According to one scenario, predicted in Justice Asher Grunis' minority ruling, the Knesset will be asked to pass a bill that attempts in some way to correct the defects of the existing law. This will lead to additional High Court petitions from supporters of a broad-based draft. In the presumed absence of a scenario that does away with all exemptions for yeshiva students and enforces a general draft, it is worth examining another scenario. For example, a measure being advanced by wide swathes of the Knesset and the defense establishment that would make national service mandatory and raise the salaries of conscripts to ameliorate the inequalities, which will continue to exist.
The direct result of this move would be an artificial attempt to create a huge national-service establishment. It would likely include Israeli Arabs as well, since their de facto, comprehensive exemption from service also ostensibly violates the principles of the law (even if it satisfies other principles, as well as common sense ) and will presumably be challenged in the court by some conservative group at some stage.
National service would, naturally, be shorter than army service, and it would flood the market with forced workers - cheap labor, subsidized by the state and by parents, that to some extent would replace other cheap workers in the public service (and its subcontractors, like nongovernmental organizations ). Such an arrangement could not possibly work in the long run, and probably not in the short run either.
Since the military also wants to improve soldiers' wages, it is reasonable to assume that such a move would spark successful pressure to considerably reduce the duration of compulsory service in order to save money; soldiers in administrative positions would gradually have their service shortened to two years. That suits a cabinet resolution whose implementation was suspended after the 2006 Second Lebanese War (to comply with the recommendations of the committee headed by former Finance Ministry Director General Avi Ben-Bassat ).

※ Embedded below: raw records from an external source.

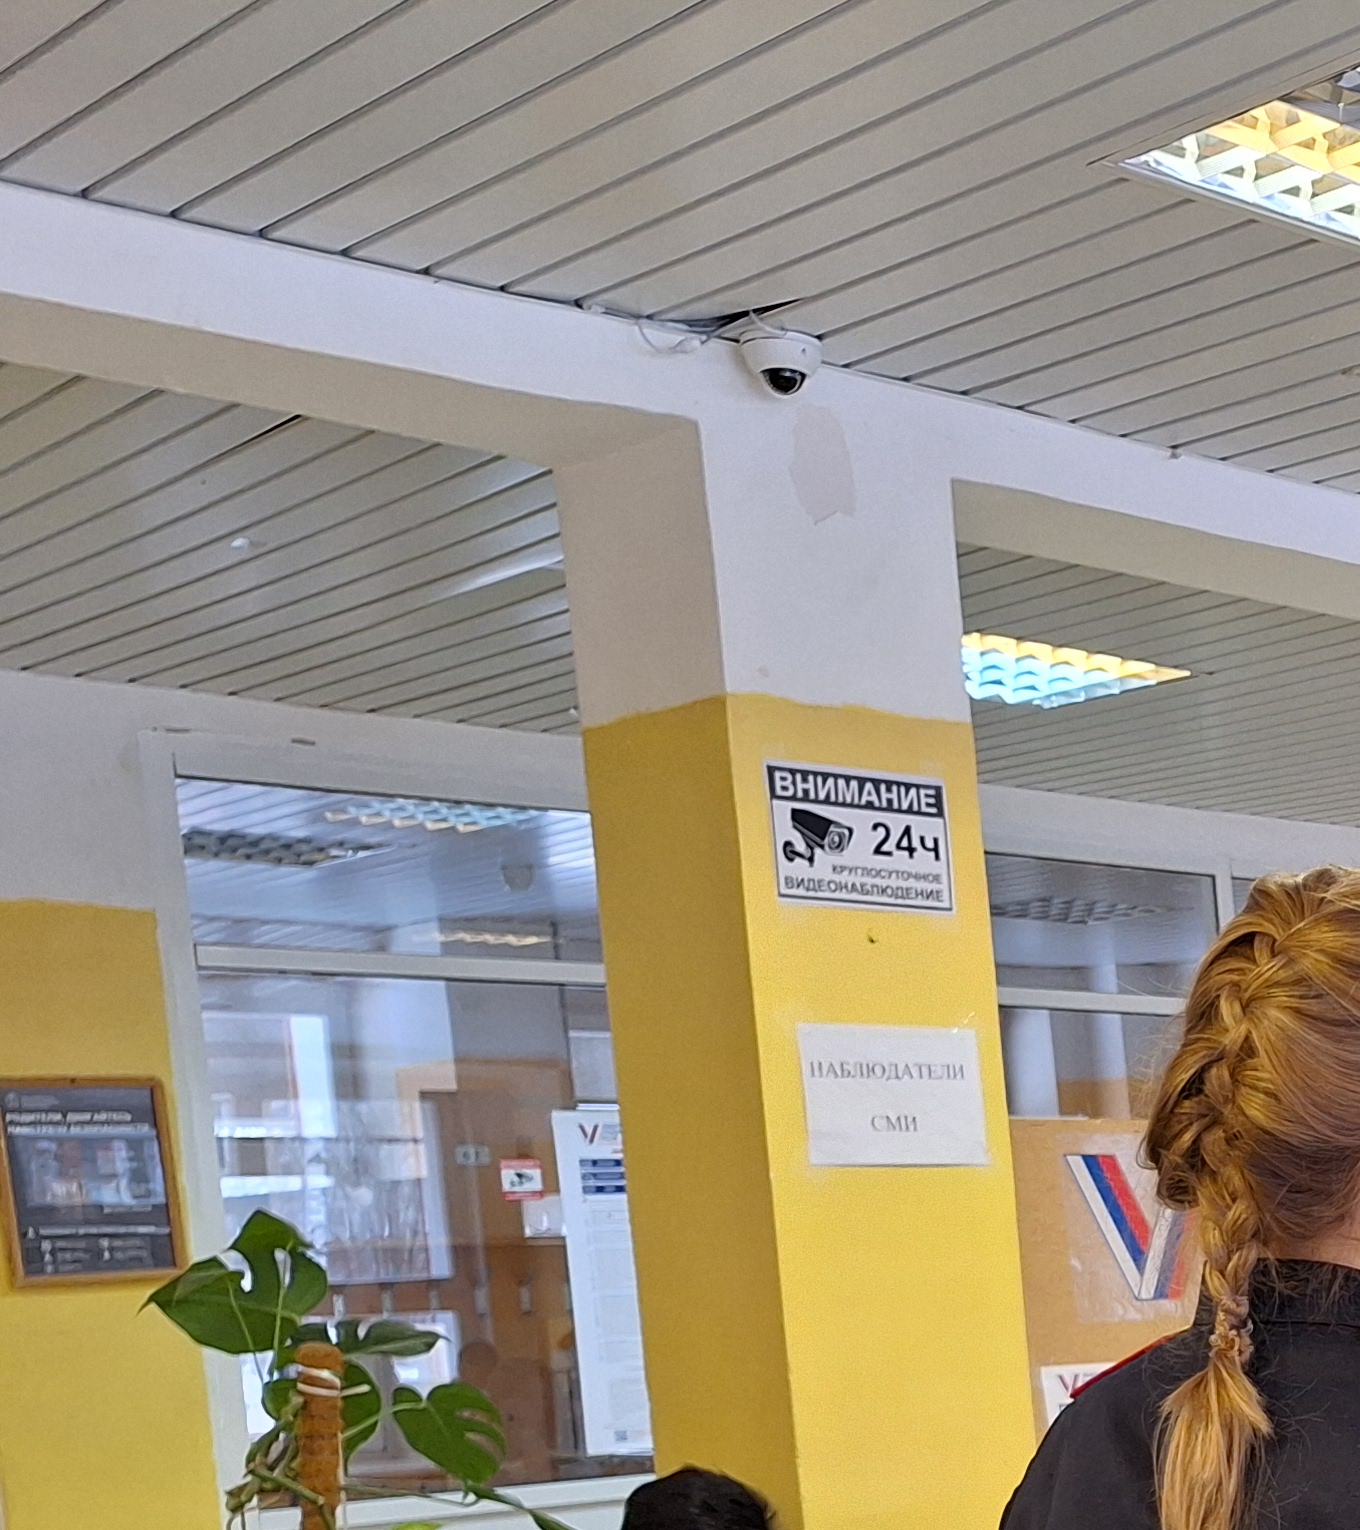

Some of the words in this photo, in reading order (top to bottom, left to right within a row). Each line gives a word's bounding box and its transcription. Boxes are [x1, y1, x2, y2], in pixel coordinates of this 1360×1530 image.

[773, 769, 938, 814] ВНИМАНИЕ
[871, 822, 941, 862] 24ч
[832, 864, 942, 884] КРУГЛОСУТОЧНОЕ
[784, 876, 944, 902] ВИДЕОНАБЛЮДЕНИЕ
[809, 1060, 965, 1081] НАБЛЮДАТЕЛИ
[870, 1115, 918, 1133] СМИ

All this will result in a new, unequal military hierarchy: Combat soldiers will serve for three years, partly in return for additional pay and partly, perhaps, on a volunteer basis. Soldiers in administrative positions will serve for two years, while individuals doing national service will serve for one year. This unequal hierarchy will have the protection of law. Obviously it can survive only briefly (if at all ), before new calls arise for an artificial equality. These calls will happen whether or not this envisioned hierarchy is created, because the Tal Law will be amended only marginally. But it can be assumed that this time the calls, including the economic ones, will be to eliminate universal conscription, including national service, in favor of a voluntary or selective system: Not everyone will serve, and the army will choose who to draft, in both cases in return for a decent wage.
Eliminating mandatory conscription will be the result of fully implementing the spirit of the High Court ruling. Those who want to introduce universal service would do well to consider such a scenario. They should recognize that the unintentional result could be to exclude even more people from the draft.
Prof. Yagil Levy is Aaron and Cecile Goldman Visiting Professor at Georgetown University, Washington DC.